Stock Based Compensation – The Company’s Omnibus Incentive Plan allows for various types of equity-based incentive awards. Stock based compensation expense is based on awards that are expected to vest over the requisite service periods and are based on the fair value of the award measured on the grant date. Vesting requirements vary for directors, officers, and employees. In general, time-based awards fully vest after one year for directors and vest in equal annual installments over a three-year period for officers and employees. Performance-based awards vest upon achievement of certain milestones. Forfeitures are accounted for when they occur.

Income Taxes - For interim income tax reporting, due to a full valuation allowance on net deferred tax assets, no income tax expense or benefit is recorded unless it is an unusual or infrequently occurring item. The tax effects of unusual or infrequently occurring items, including changes in judgment about valuation allowances and effects of changes in tax laws or rates, are reported in the interim period in which they occur.

Segments - As a result of the acquisition of GVB (see Note 2) and ongoing evaluation of our strategy across our plant science and intellectual property platform (tobacco, hemp/cannabis, and hops), the Company is reevaluating its operating and reporting segments, which is expected to be finalized by the end of fiscal 2022 once the corporate and management reporting structure realignment is completed. As of June 30, 2022, the Company operates its business in one single operating and reportable segment. The Company’s chief operating decision maker assesses, measures, and reviews the operating and financial results at the consolidated level for the entire platform.

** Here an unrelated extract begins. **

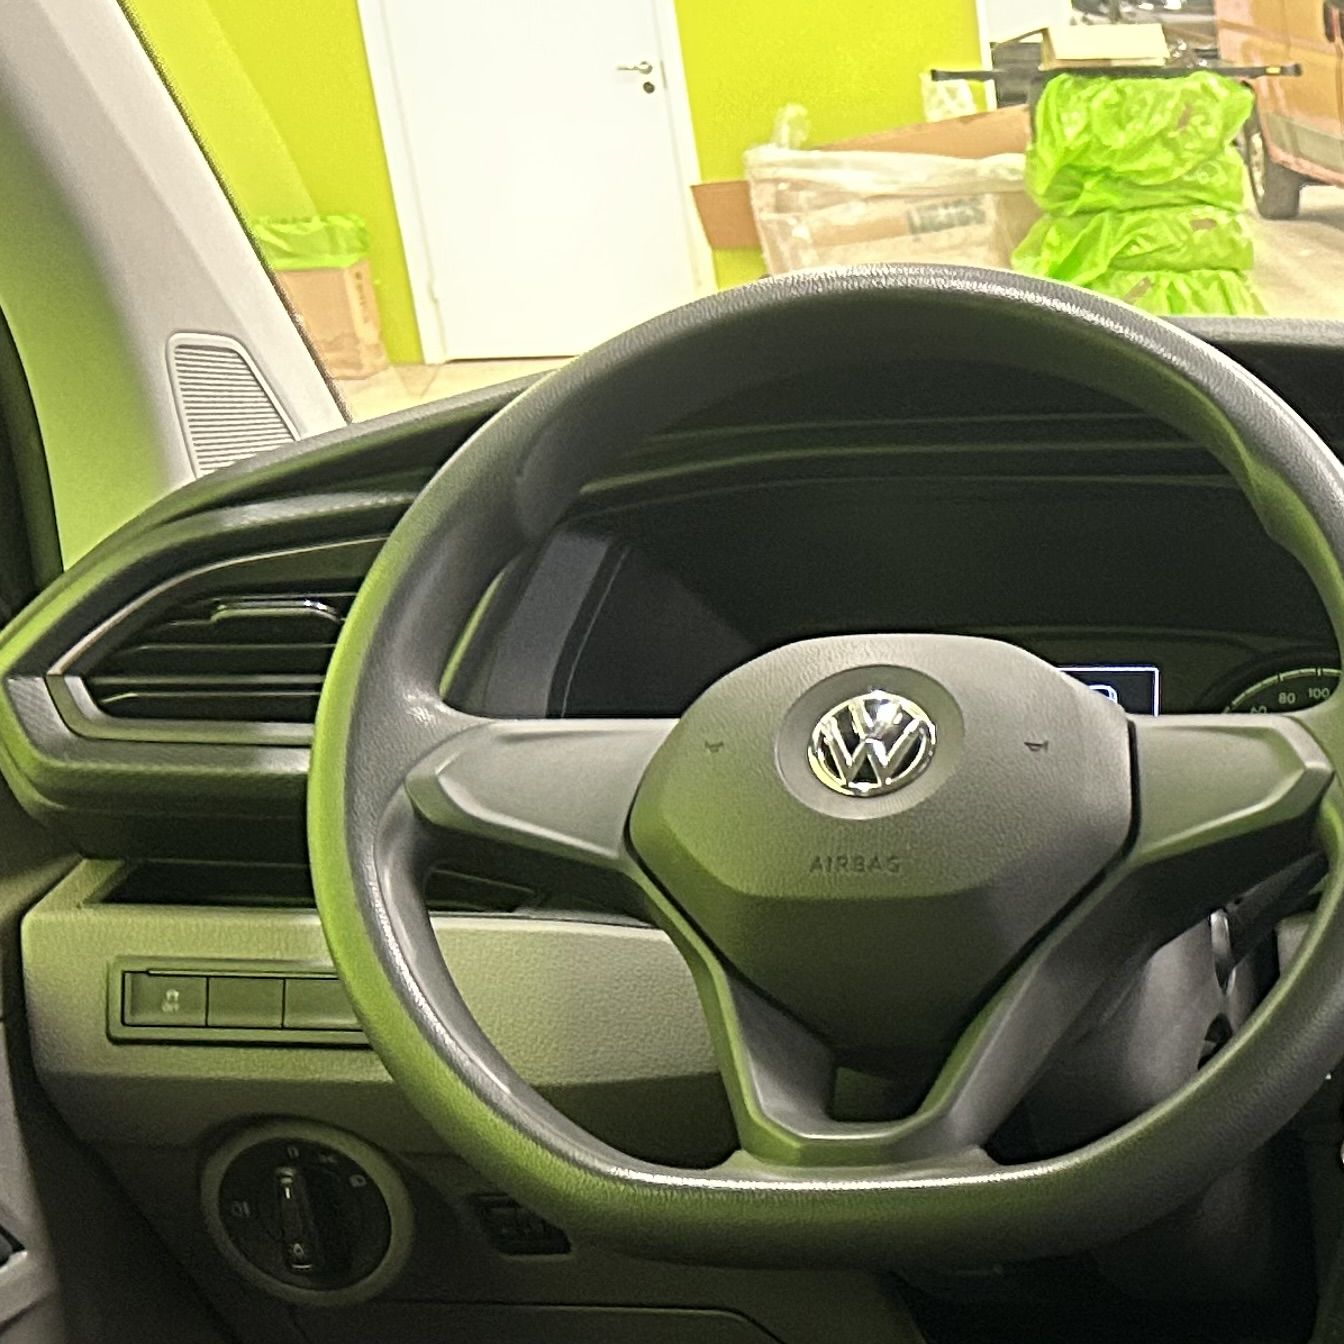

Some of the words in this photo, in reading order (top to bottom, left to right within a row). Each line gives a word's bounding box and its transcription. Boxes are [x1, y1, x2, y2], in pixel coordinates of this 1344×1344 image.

[1278, 692, 1296, 704] 80
[1308, 687, 1330, 699] 100
[809, 855, 900, 873] AIRBAG

Recent Accounting Pronouncements – In June 2016, the FASB issued ASU 2016-13, “Measurement of Credit Losses on Financial Instruments.” The standard replaces the incurred loss model with the current expected credit loss (CECL) model to estimate credit losses for financial assets measured at amortized cost and certain off-balance sheet credit exposures. The CECL model requires companies to estimate credit losses expected over the life of the financial assets based on historical experience, current conditions and reasonable and supportable forecasts. The provisions of the ASU have an effective date for the Company beginning after December 15, 2022 and interim periods within those fiscal years. The Company is evaluating the expected impacts of the ASU.

We consider the applicability and impact of all ASUs. If the ASU is not listed above, it was determined that the ASU was either not applicable or would have an immaterial impact on our financial statements and related disclosures.